[Items from a data source]
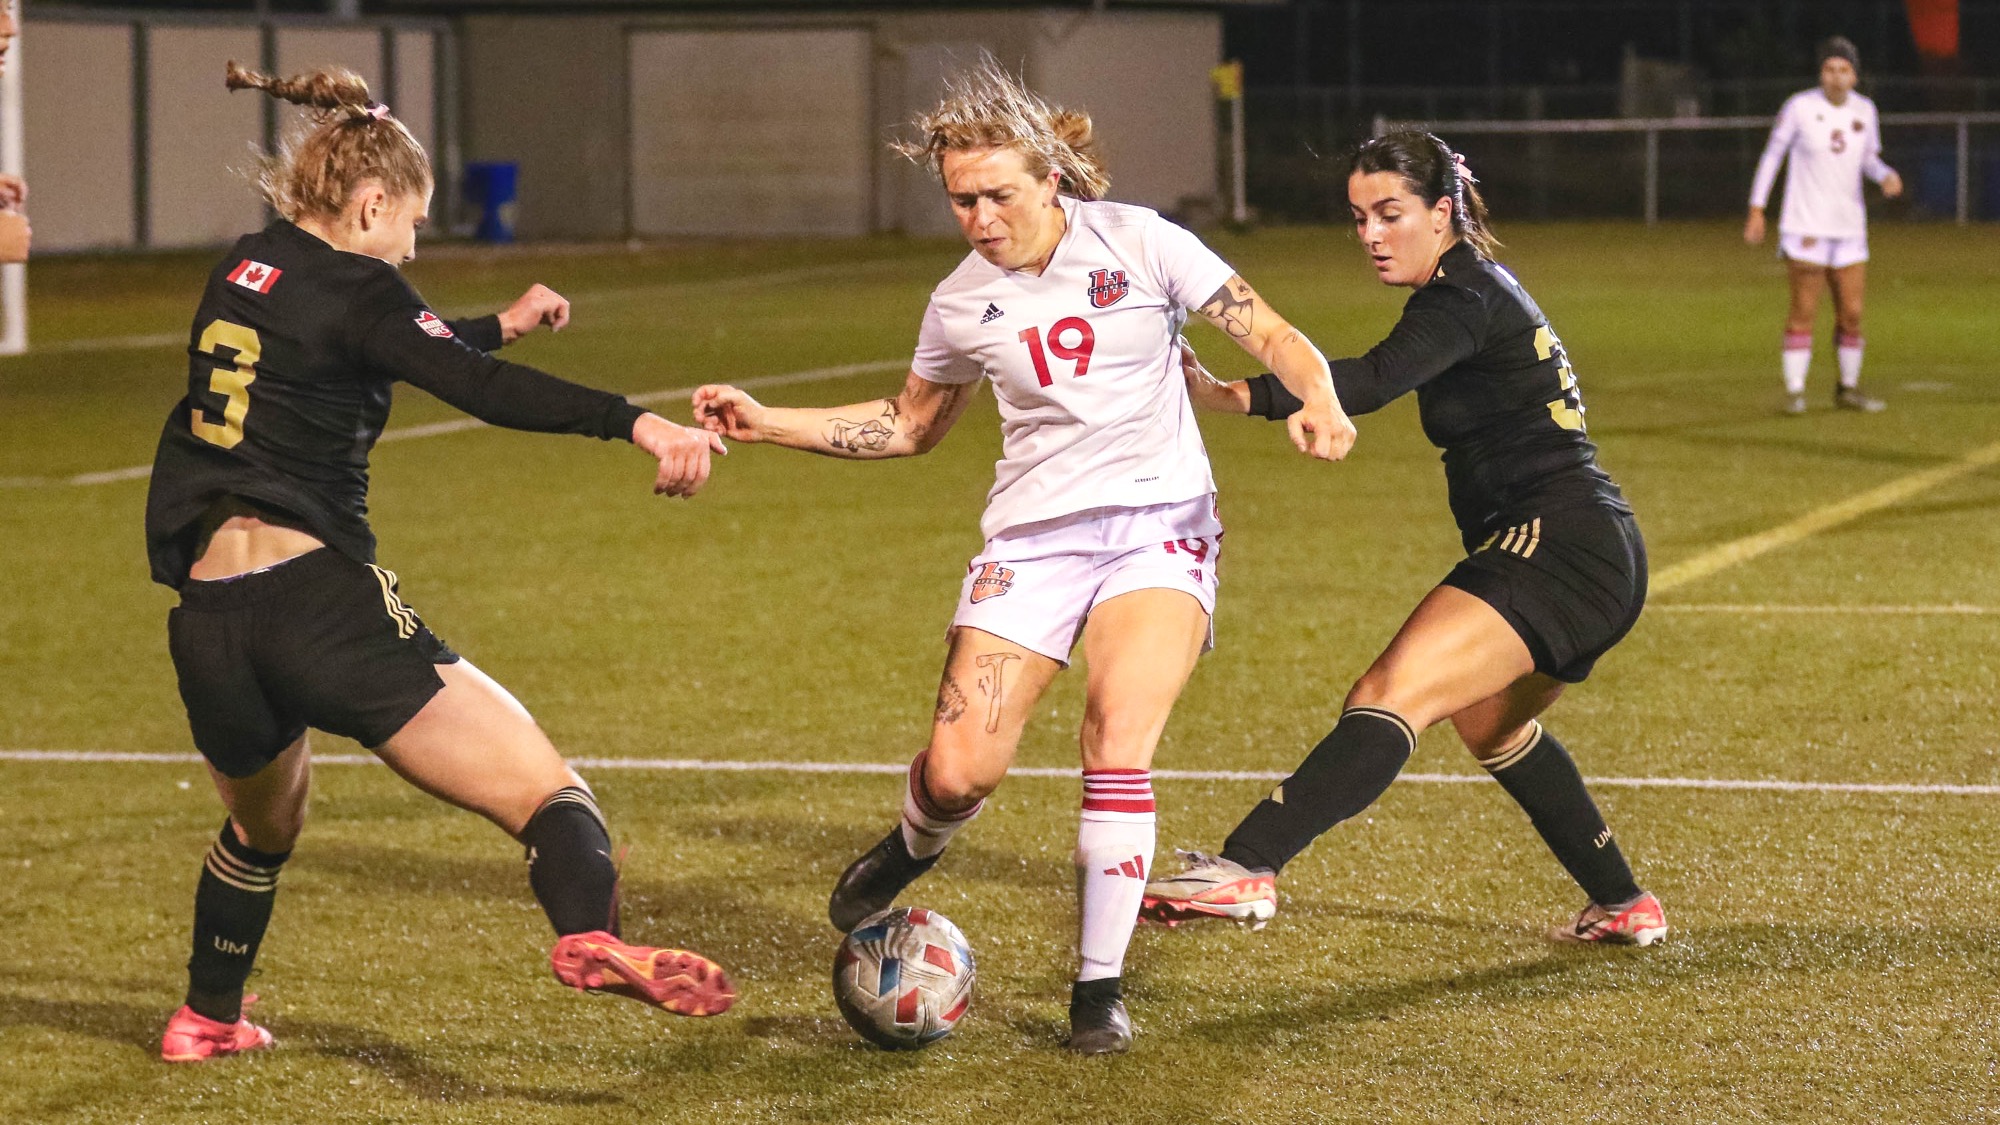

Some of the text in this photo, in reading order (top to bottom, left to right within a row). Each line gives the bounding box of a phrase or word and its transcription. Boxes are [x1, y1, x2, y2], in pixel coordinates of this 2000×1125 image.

[980, 311, 1004, 325] adidas
[1018, 316, 1095, 388] 19
[190, 318, 262, 450] 3
[1533, 324, 1587, 431] 3
[1594, 824, 1613, 849] UM
[214, 935, 249, 955] UM

■ Task to complete:
Word for word, restate the records shown above, minus the pictures.

■ Answer to this exercise:
Some of the text in this photo, in reading order (top to bottom, left to right within a row). Each line gives the bounding box of a phrase or word and its transcription. Boxes are [x1, y1, x2, y2], in pixel coordinates of this 2000×1125 image.

[980, 311, 1004, 325] adidas
[1018, 316, 1095, 388] 19
[190, 318, 262, 450] 3
[1533, 324, 1587, 431] 3
[1594, 824, 1613, 849] UM
[214, 935, 249, 955] UM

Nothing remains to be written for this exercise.